The Los Angeles County Board of Supervisors’ decision to add a cross over the San Gabriel Mission on the county’s official seal was unconstitutional, a federal judge ruled Thursday.
A civil rights group sued the Board of Supervisors in February 2014, challenging the constitutionality of the panel’s decision to restore the cross nearly 10 years after legal wrangling prompted its removal from the county seal.
U.S. District Judge Christina Snyder took the matter under submission in November after a one-day bench trial.
In her ruling, the judge wrote that the return of the cross “places the county’s power, prestige and purse behind a single religion, Christianity, without making any such benefit available on an equal basis to those with secular objectives or alternative sectarian views.’
The complaint filed in federal court by the American Civil Liberties Union of Southern California alleged that the supervisors’ Jan. 7, 2014, decision to restore the cross was unconstitutional because it “favors the Christian religion over all other religions and divides county residents by religion and by adherence or non-adherence to religious beliefs.”
Hector Villagra, executive director of the ACLU of Southern California, and plaintiffs’ attorney Linda Burrow issued a joint statement saying the ruling affirms the area’s diversity.
“We are heartened by the court’s ruling because it recognizes that Los Angeles is a diverse county comprised of adherents of hundreds of faiths as well as non-believers, all of whom are entitled to be treated with equal dignity by their government,” they said. “The placement of the cross on the official county seal promotes one religious sect above others and denies the principle that government represents all of the people, not just those who follow a particular faith.”
In a motion introduced by Supervisors Mike Antonovich and Don Knabe, the board voted 3-2 in 2014 to add a cross to the top of the San Gabriel Mission on the county emblem, which is displayed on buildings, vehicles and official communications.
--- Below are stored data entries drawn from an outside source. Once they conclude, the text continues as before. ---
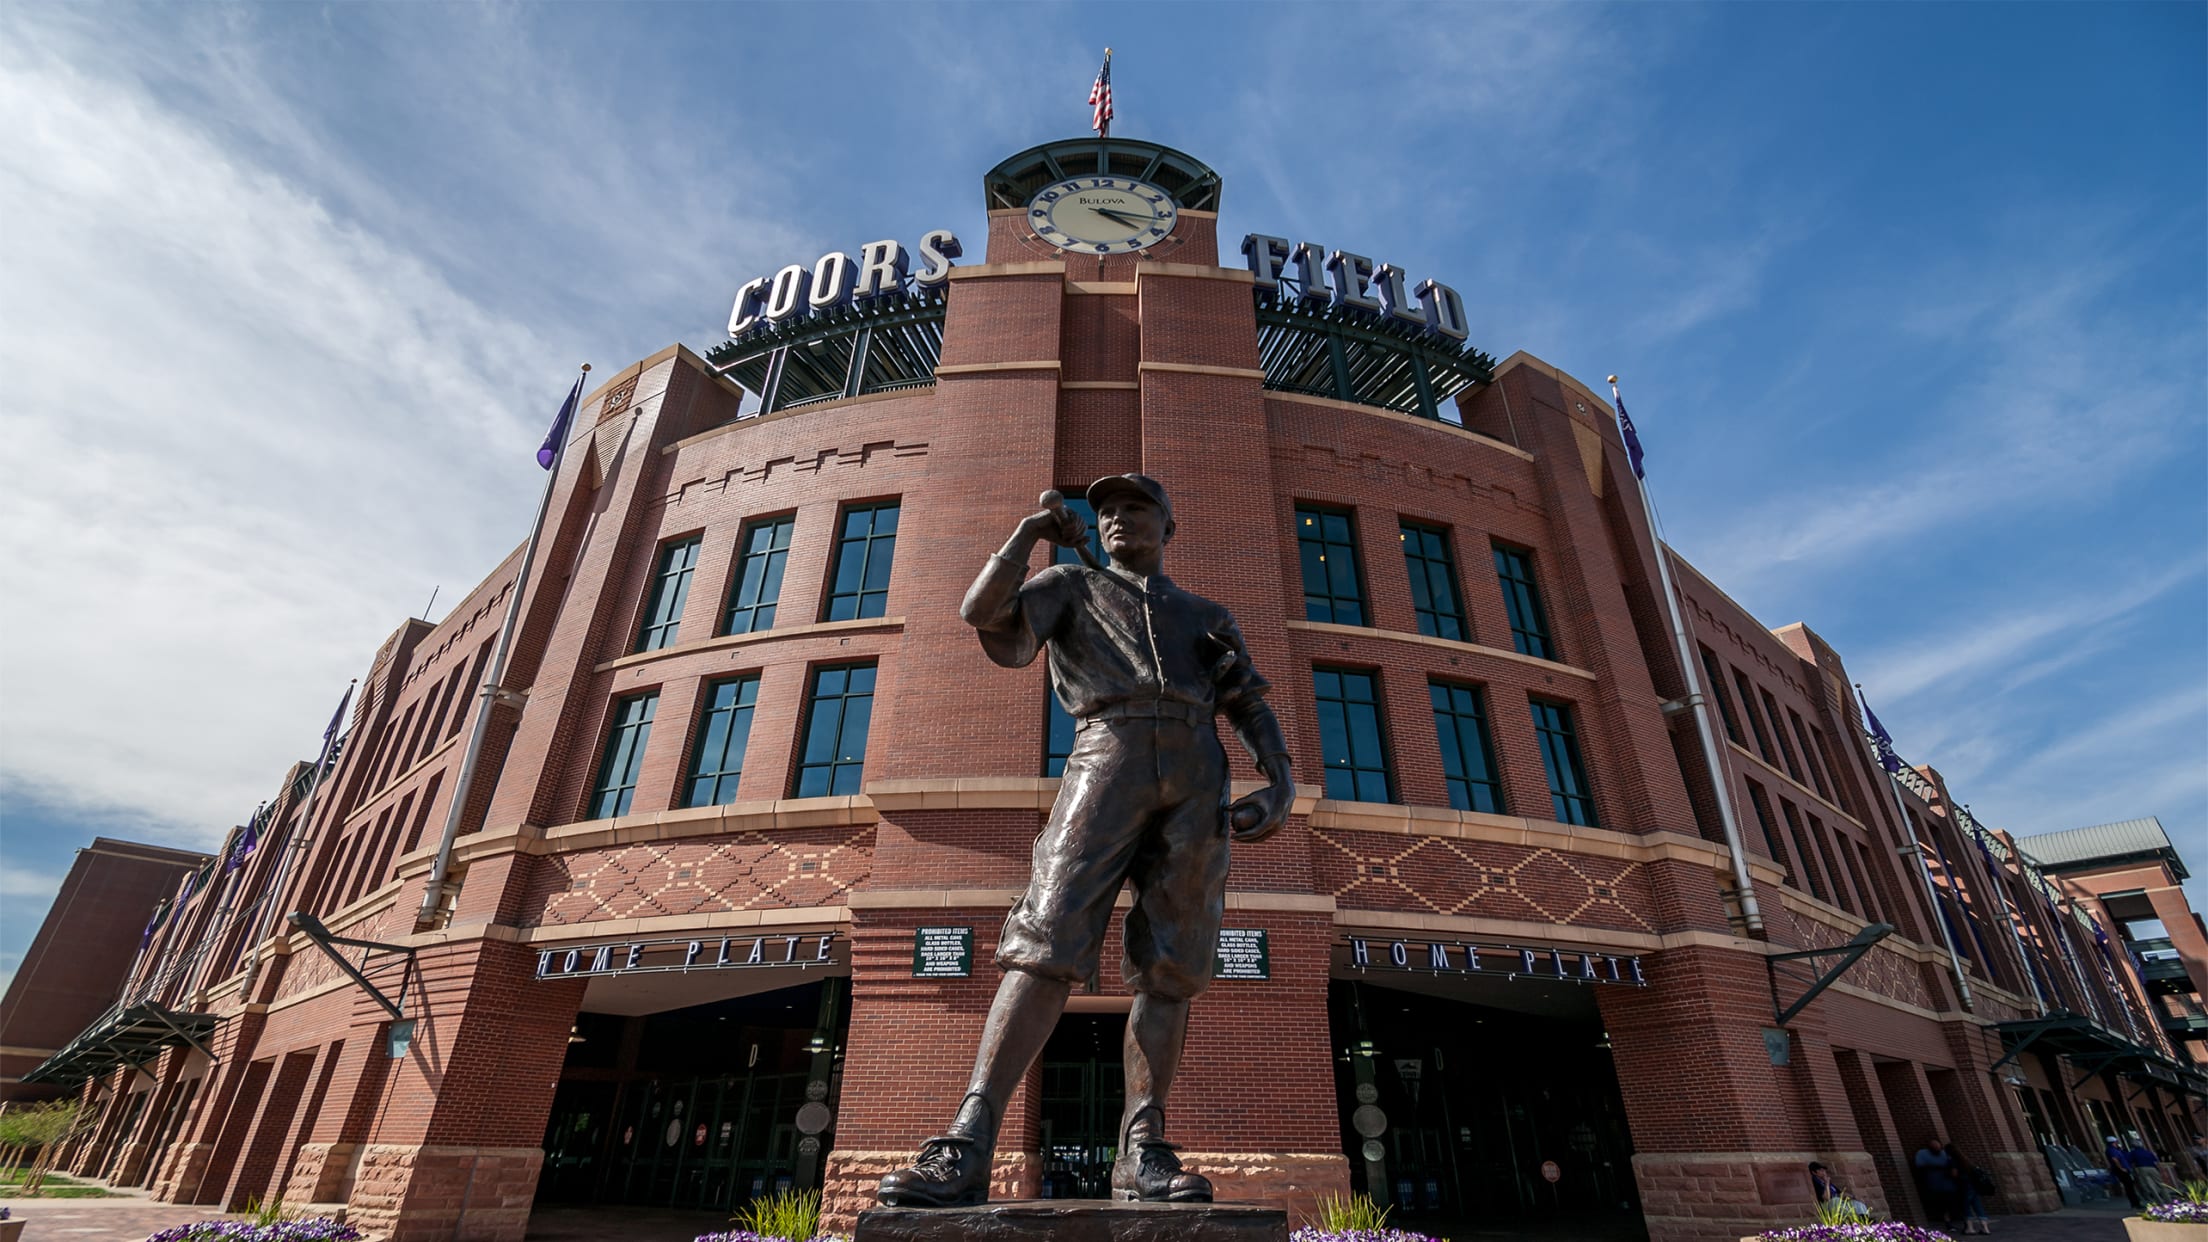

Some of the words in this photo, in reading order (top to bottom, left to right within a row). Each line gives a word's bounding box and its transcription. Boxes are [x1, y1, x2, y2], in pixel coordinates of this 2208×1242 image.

[1062, 182, 1081, 192] 11
[1091, 179, 1115, 188] 12
[1039, 191, 1059, 203] 10
[1146, 194, 1163, 204] 2
[1032, 209, 1047, 218] 9
[1039, 225, 1055, 235] 8
[1150, 227, 1164, 237] 4
[1062, 238, 1080, 247] 7
[1127, 238, 1142, 249] 5
[1095, 243, 1109, 253] 6
[727, 229, 962, 338] COORS
[1242, 233, 1470, 340] FIELD
[537, 944, 643, 977] HOME
[685, 936, 832, 965] PLATE
[1352, 940, 1481, 970] HOME
[1521, 950, 1645, 983] PLATE
[748, 1044, 758, 1069] D
The supervisors had argued that restoring the cross is vital to the historical accuracy of the seal.
In a statement Thursday, Antonovich said the ruling “ignores historical and architectural reality.”
“The court failed to see that the board corrected the inaccurate depiction of the San Gabriel Mission on the seal with an architecturally accurate version that featured a small cross — which of course the mission has,” he said. “As any California fourth-grade student knows, the San Gabriel Mission is an important icon to the region and the birthplace of Los Angeles County.”
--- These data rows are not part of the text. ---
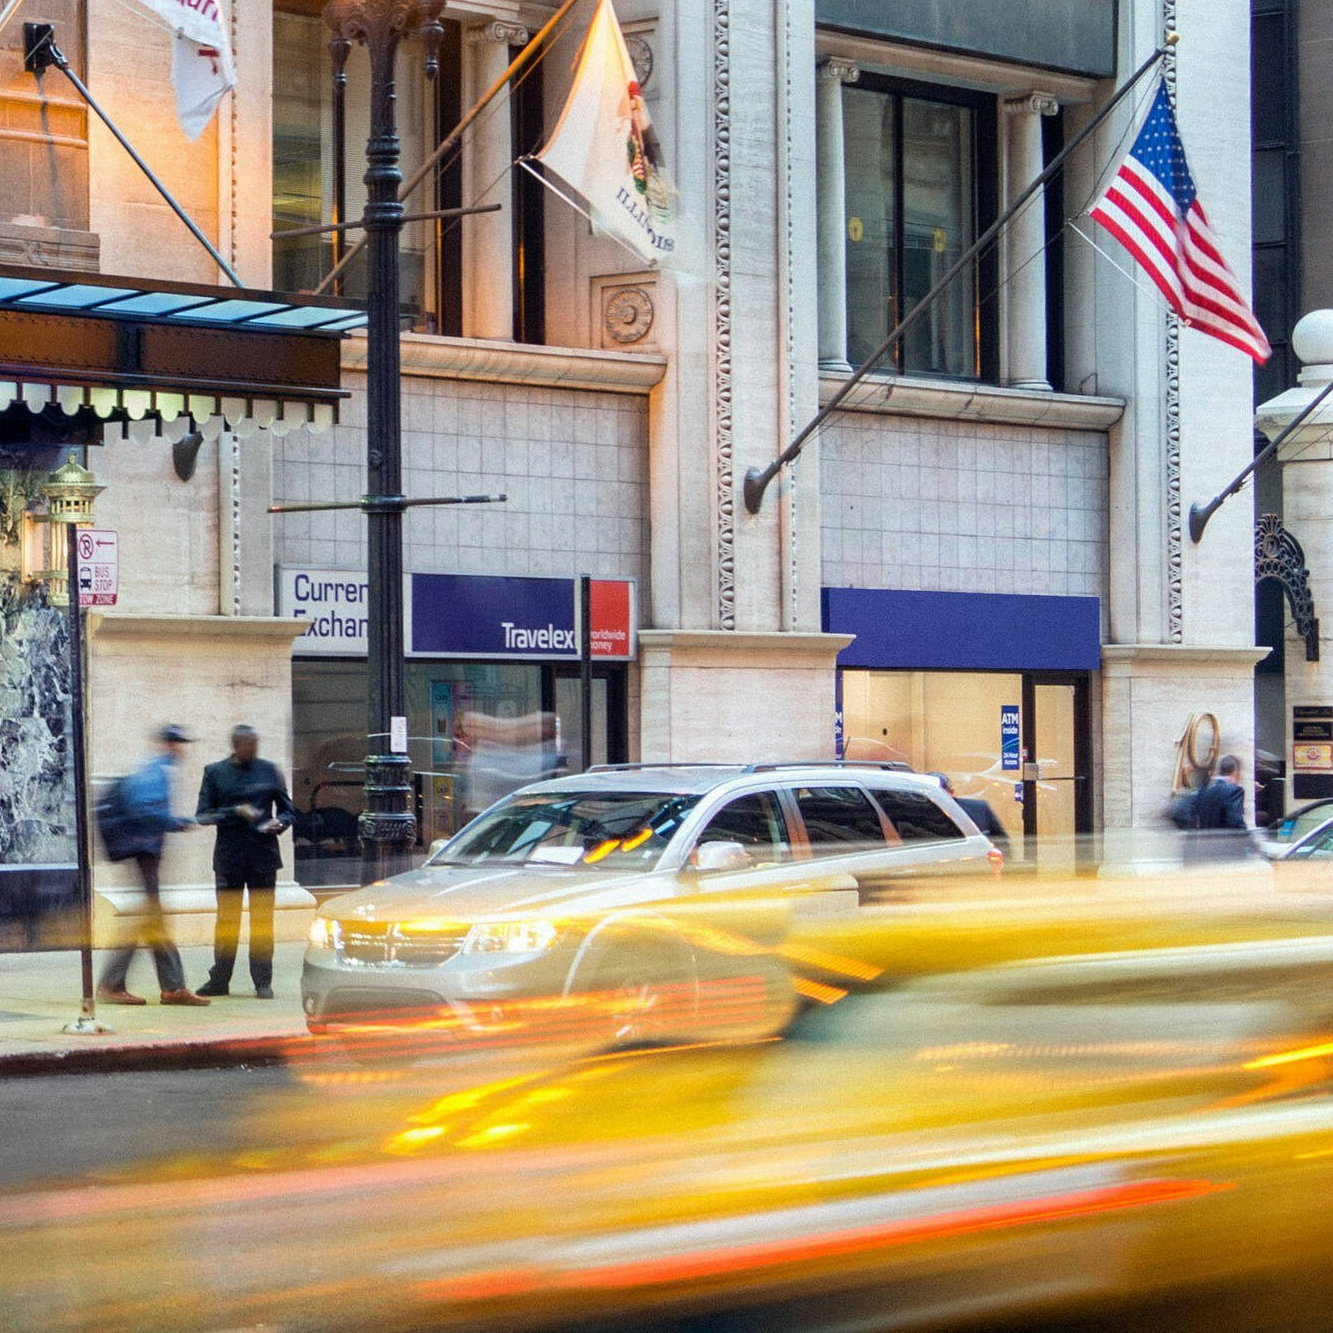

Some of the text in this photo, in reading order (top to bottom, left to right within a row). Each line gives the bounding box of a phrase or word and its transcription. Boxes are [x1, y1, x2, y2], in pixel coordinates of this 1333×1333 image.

[95, 566, 109, 578] BUS
[95, 579, 113, 591] STOP
[95, 594, 114, 605] ZONE
[294, 609, 368, 637] xchan
[501, 622, 574, 649] Travelex
[1001, 713, 1019, 725] ATM
[1002, 726, 1018, 735] inside
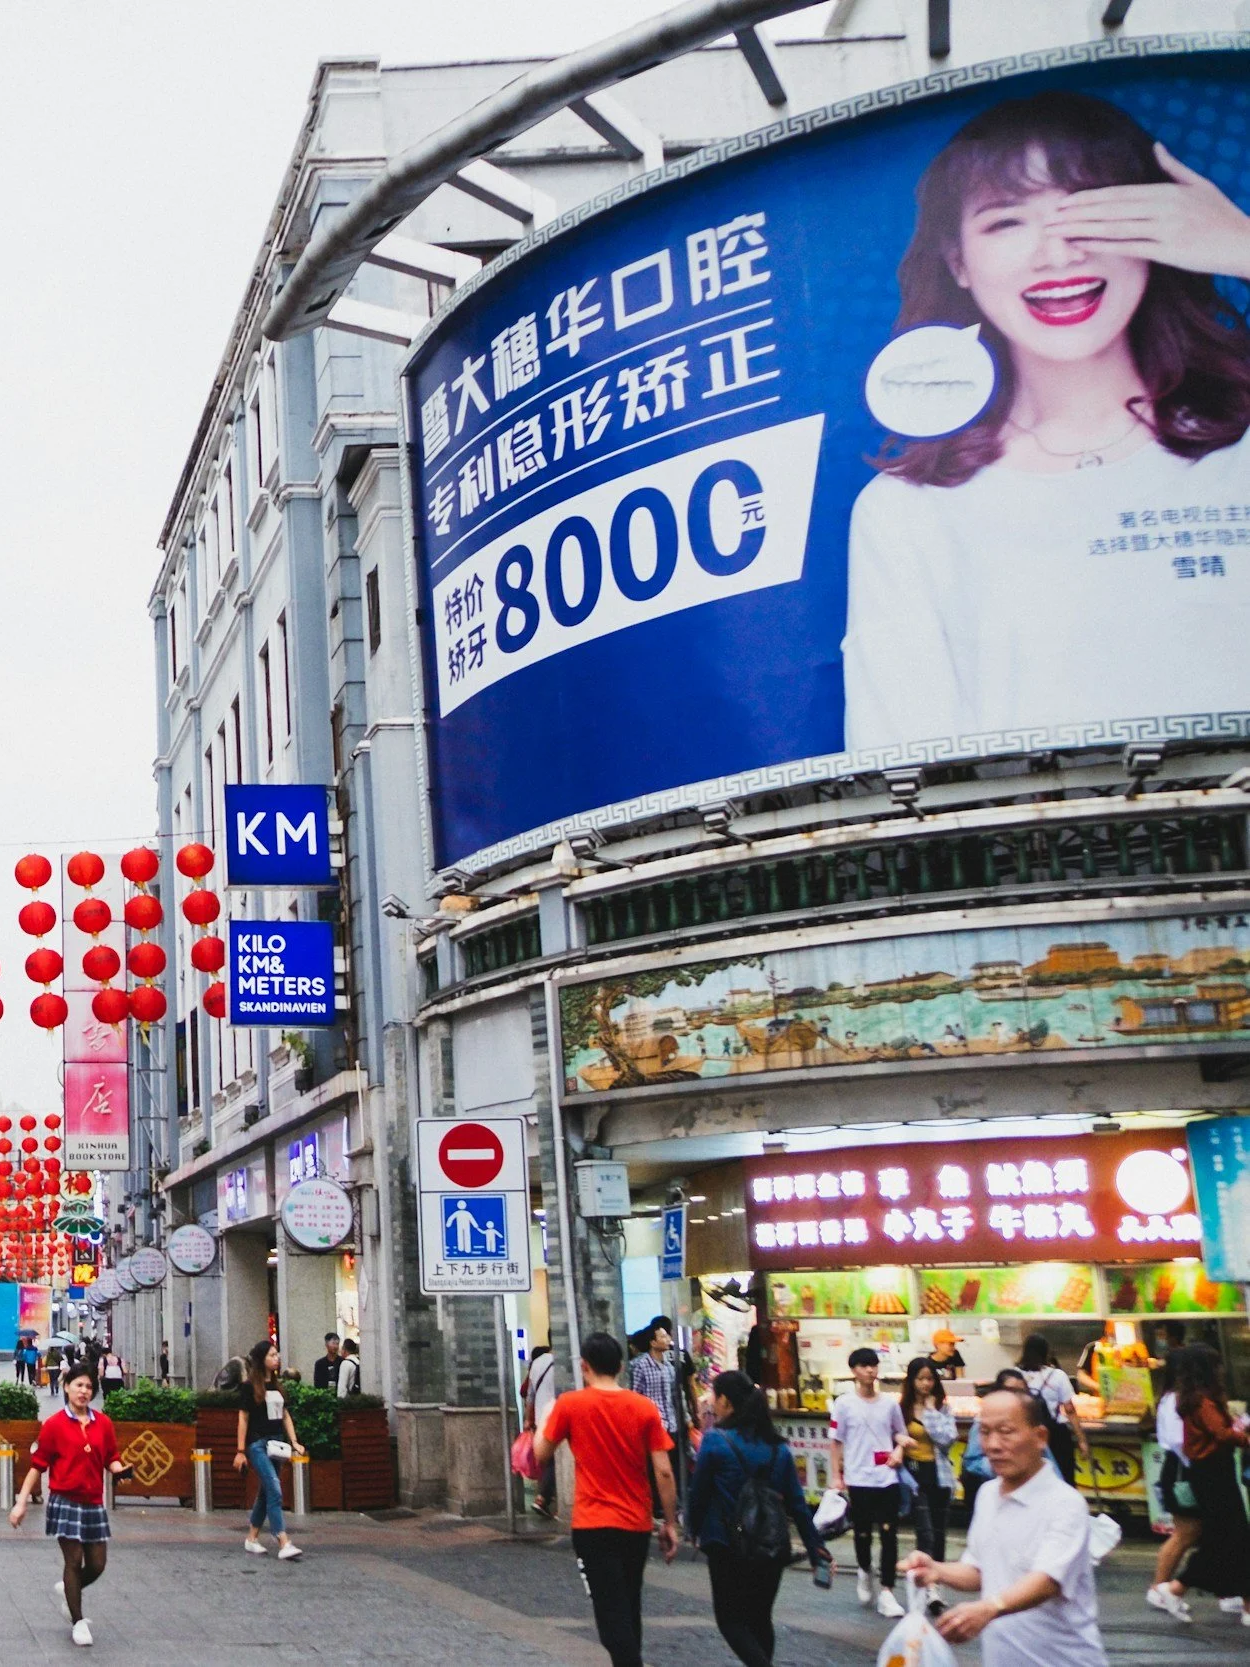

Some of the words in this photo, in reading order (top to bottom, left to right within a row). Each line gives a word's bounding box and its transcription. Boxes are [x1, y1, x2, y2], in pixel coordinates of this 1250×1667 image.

[420, 211, 771, 468] 暨大穗华口腔
[427, 317, 781, 537] 专利隐形矫正
[444, 571, 486, 636] 特价
[447, 621, 487, 686] 矫牙
[236, 811, 318, 856] KM
[237, 933, 287, 954] KILO
[237, 955, 286, 975] KM&
[238, 976, 327, 996] METERS
[239, 1001, 327, 1014] SKANDINAVIEN
[432, 1262, 519, 1276] 上下九步行街
Antonovich said he would support appealing the decision because similar images of municipal seals are not unique to Los Angeles County. In fact, two California counties, Ventura and San Benito, have missions with crosses on their seals, as does the City of San Luis Obispo.
Knabe, too, indicated he was disappointed by the judge’s ruling, which he said appears to be born out of “political expediency than the core of what this issue is — ensuring the historical accuracy of the Los Angeles County seal.”
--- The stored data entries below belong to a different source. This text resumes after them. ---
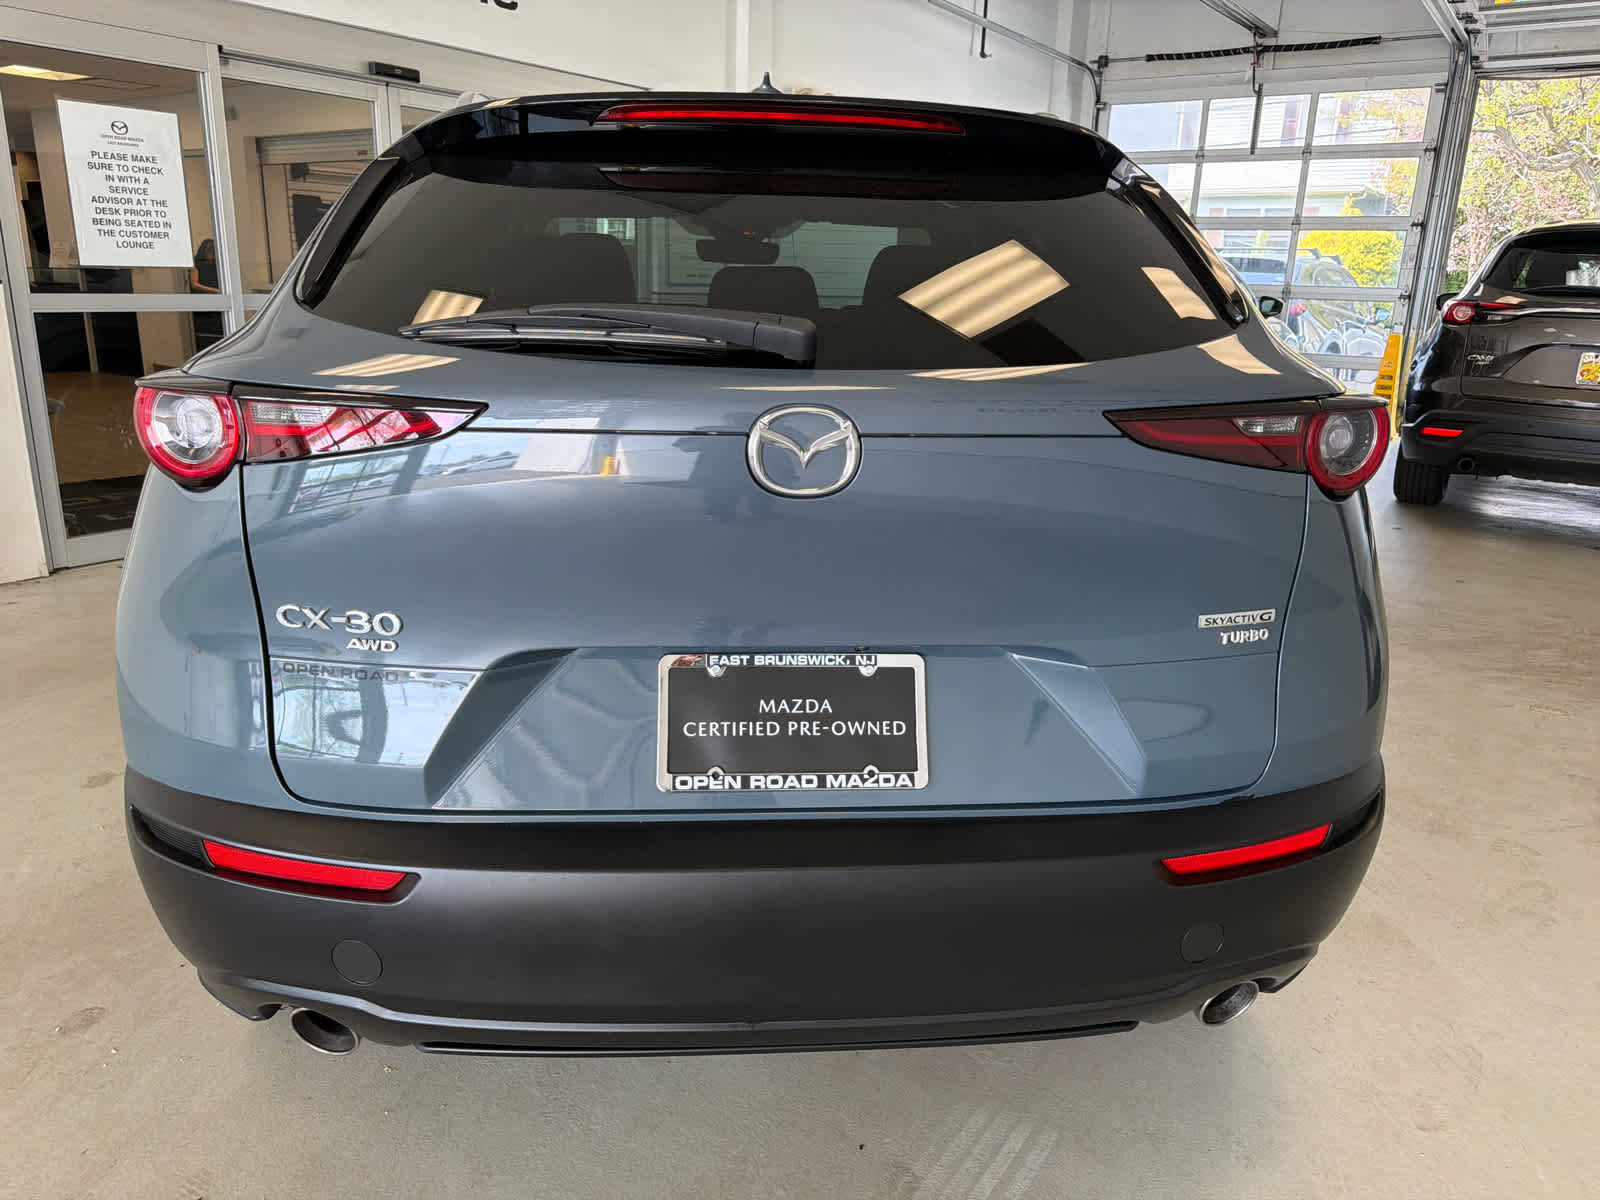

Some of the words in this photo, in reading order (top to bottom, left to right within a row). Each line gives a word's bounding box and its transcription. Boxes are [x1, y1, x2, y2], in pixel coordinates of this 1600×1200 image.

[91, 150, 129, 162] PLEASE
[131, 153, 158, 164] MAKE
[87, 162, 114, 172] SURE
[117, 164, 129, 172] TO
[131, 166, 164, 175] CHECK
[105, 174, 115, 182] IN
[117, 175, 141, 185] WITH
[143, 177, 150, 185] A
[108, 185, 149, 196] SERVICE
[91, 195, 134, 206] ADVISOR
[136, 198, 149, 206] AT
[150, 199, 168, 207] THE
[95, 207, 121, 216] DESK
[123, 208, 152, 217] PRIOR
[153, 209, 167, 218] TO
[92, 218, 122, 227] BEING
[124, 219, 161, 229] SEATED
[162, 221, 172, 229] IN
[97, 228, 117, 238] THE
[118, 230, 170, 240] CUSTOMER
[116, 240, 156, 250] LOUNGE
[275, 603, 403, 637] CX-30
[1220, 627, 1269, 645] TURBO
[346, 638, 398, 653] AWD
[709, 655, 750, 666] EAST
[855, 654, 876, 666] NJ
[282, 662, 336, 677] OPEN
[340, 667, 399, 682] ROAD
[758, 699, 833, 713] MAZDA
[683, 722, 780, 737] CERTIFIED
[788, 720, 906, 736] PRE-OWNED
[674, 774, 742, 790] OPEN
[749, 774, 818, 789] ROAD
[826, 772, 913, 788] MAZDA
“The purpose of any seal is to reflect the culture and history of a region,” Knabe said. “Courts have ruled that municipal seals can include religious symbols when it depicts a historical fact or rendering.”
Mark Rosenbaum, chief counsel of the ACLU/SoCal, responded that the two supervisors “are historians in the same way ‘SNL’s’ Father Guido Sarducci is a priest. These supervisors have exacerbated the constitutional slap at all religions by reinserting a Christian cross on the seal by means of a Pinocchio- style fib.”
Snyder wrote that the cross “carries with it an aura of prestige, authority, and approval. By singling out the cross for addition to the seal, the county necessarily lends its prestige and approval to a depiction of one faith’s sectarian imagery.”